Regulation-incorporated Gene Expression Network-based Heterogeneity Analysis

TL;DR

This paper introduces a novel high-dimensional penalized fusion method for heterogeneity analysis in gene expression networks that accounts for regulatory effects, improving the identification of gene network structures and heterogeneity in cancer data.

Contribution

It proposes a new heterogeneity analysis method based on gene expression networks that incorporates regulation effects and uses a penalized fusion approach with proven consistency properties.

Findings

The method effectively identifies heterogeneity and gene network structures.

It outperforms existing methods in simulations.

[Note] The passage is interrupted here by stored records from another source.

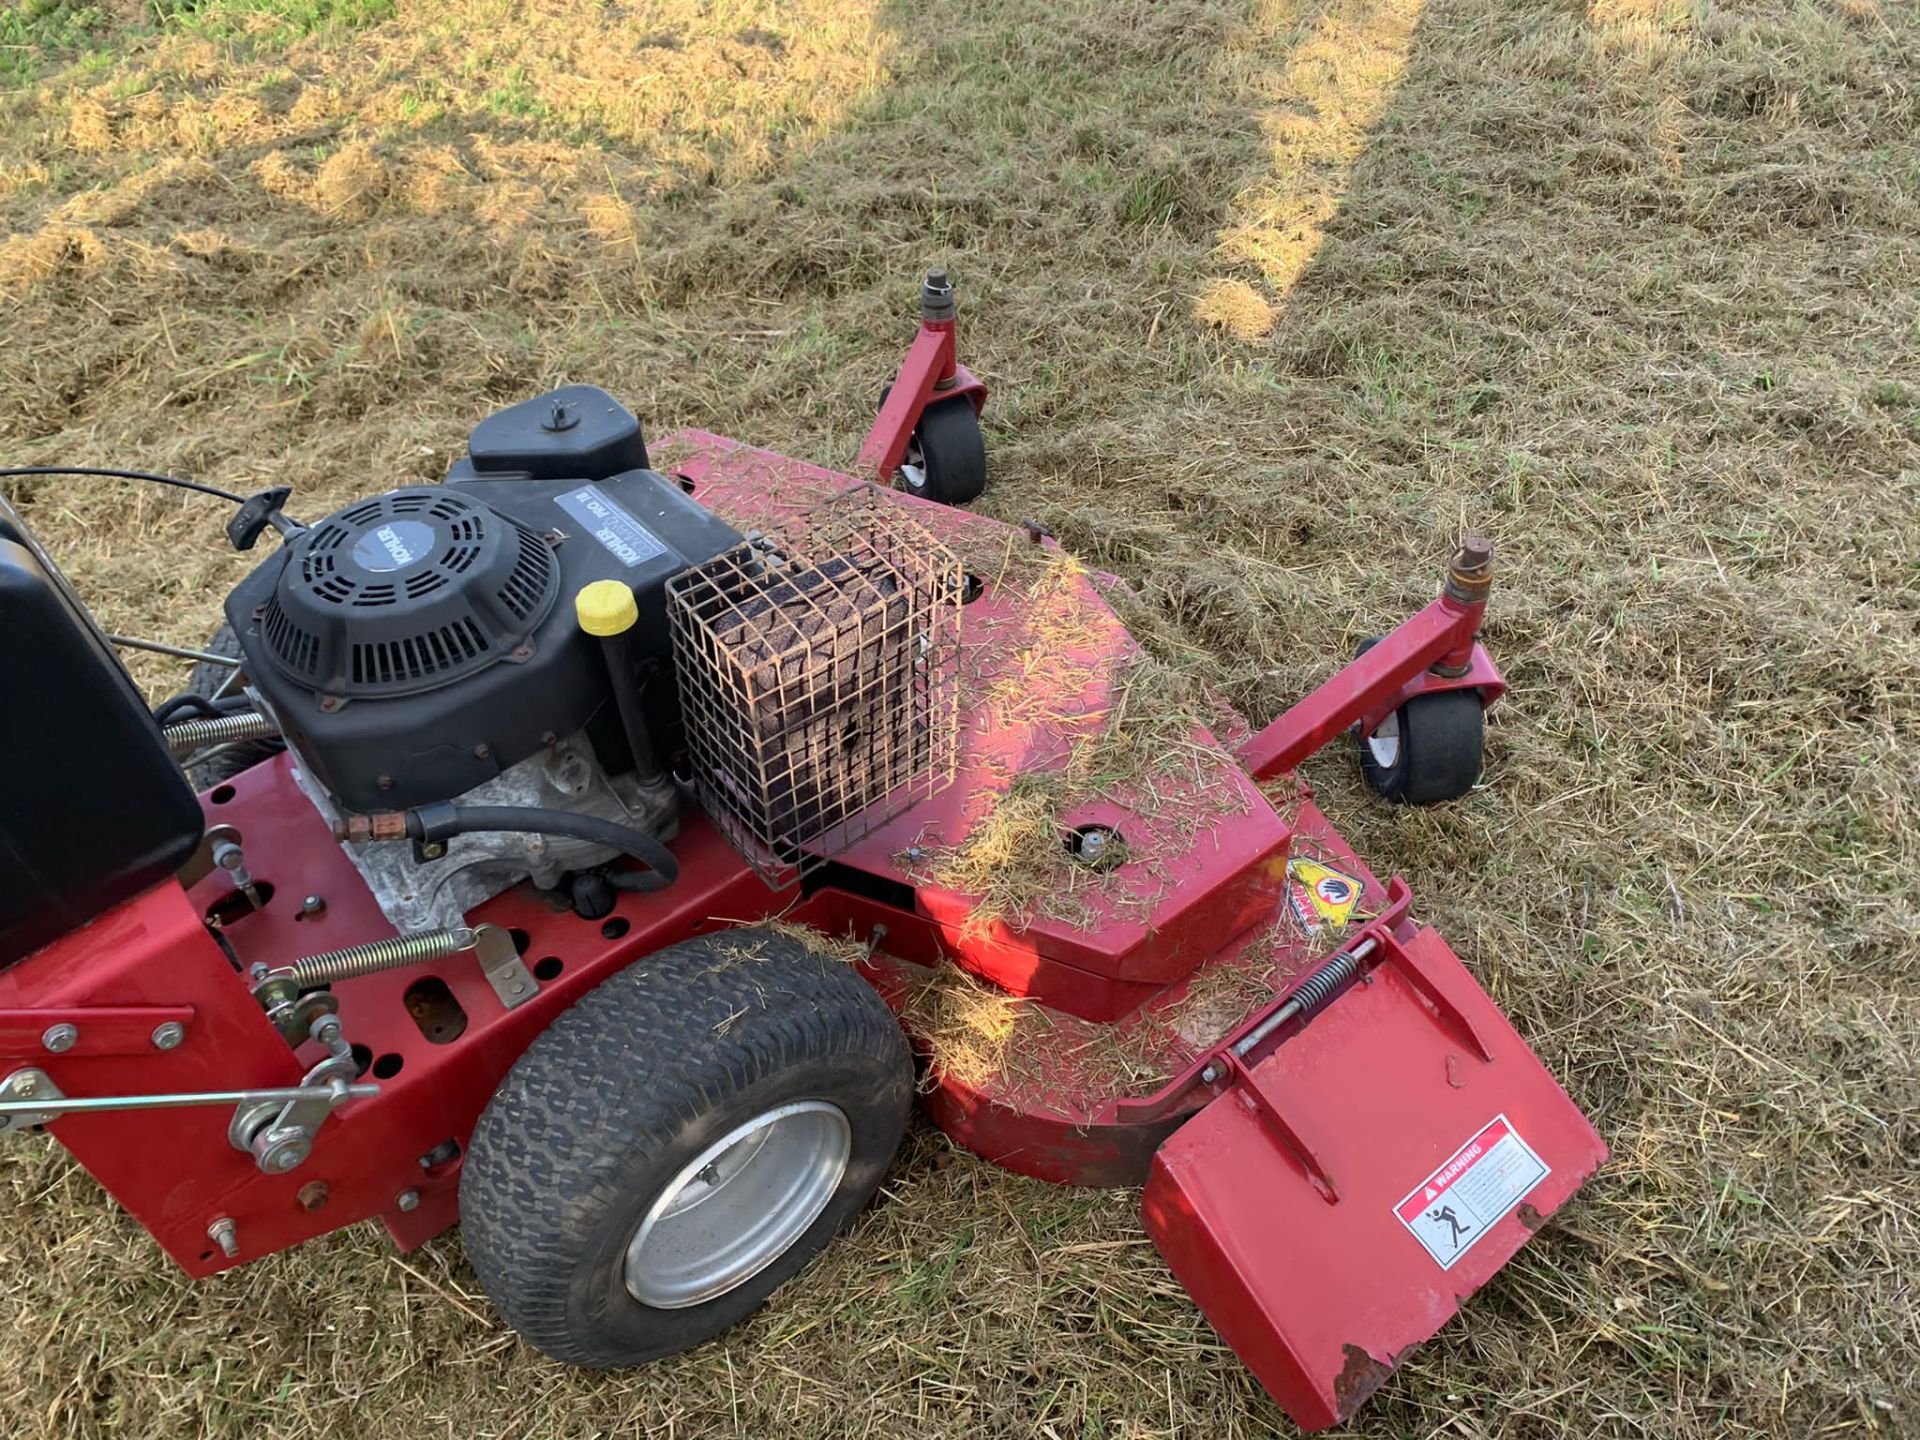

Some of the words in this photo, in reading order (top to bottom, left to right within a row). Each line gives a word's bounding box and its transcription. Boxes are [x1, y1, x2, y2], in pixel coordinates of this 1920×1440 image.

[575, 492, 592, 504] 18
[587, 501, 610, 518] PRO
[376, 524, 413, 565] KOHLER
[596, 526, 641, 564] KOHLER
[1434, 1143, 1483, 1188] WARNING

Application to breast cancer data reveals biologically meaningful heterogeneity.

Abstract

Gene expression-based heterogeneity analysis has been extensively conducted. In recent studies, it has been shown that network-based analysis, which takes a system perspective and accommodates the interconnections among genes, can be more informative than that based on simpler statistics. Gene expressions are highly regulated. Incorporating regulations in analysis can better delineate the "sources" of gene expression effects. Although conditional network analysis can somewhat serve this purpose, it does render enough attention to the regulation relationships. In this article, significantly advancing from the existing heterogeneity analyses based only on gene expression networks, conditional gene expression network analyses, and regression-based heterogeneity analyses, we propose heterogeneity analysis based on gene expression networks (after accounting for or "removing" regulation effects) as well as regulations of gene expressions. A high-dimensional penalized fusion approach is proposed, which can determine the number of sample groups and parameter values in a single step. An effective computational algorithm is proposed. It is rigorously proved that the proposed approach enjoys the estimation, selection, and grouping consistency properties. Extensive simulations demonstrate its practical superiority over closely related alternatives. In the analysis of two breast cancer datasets, the proposed approach identifies heterogeneity and gene network structures different from the alternatives and with sound biological implications.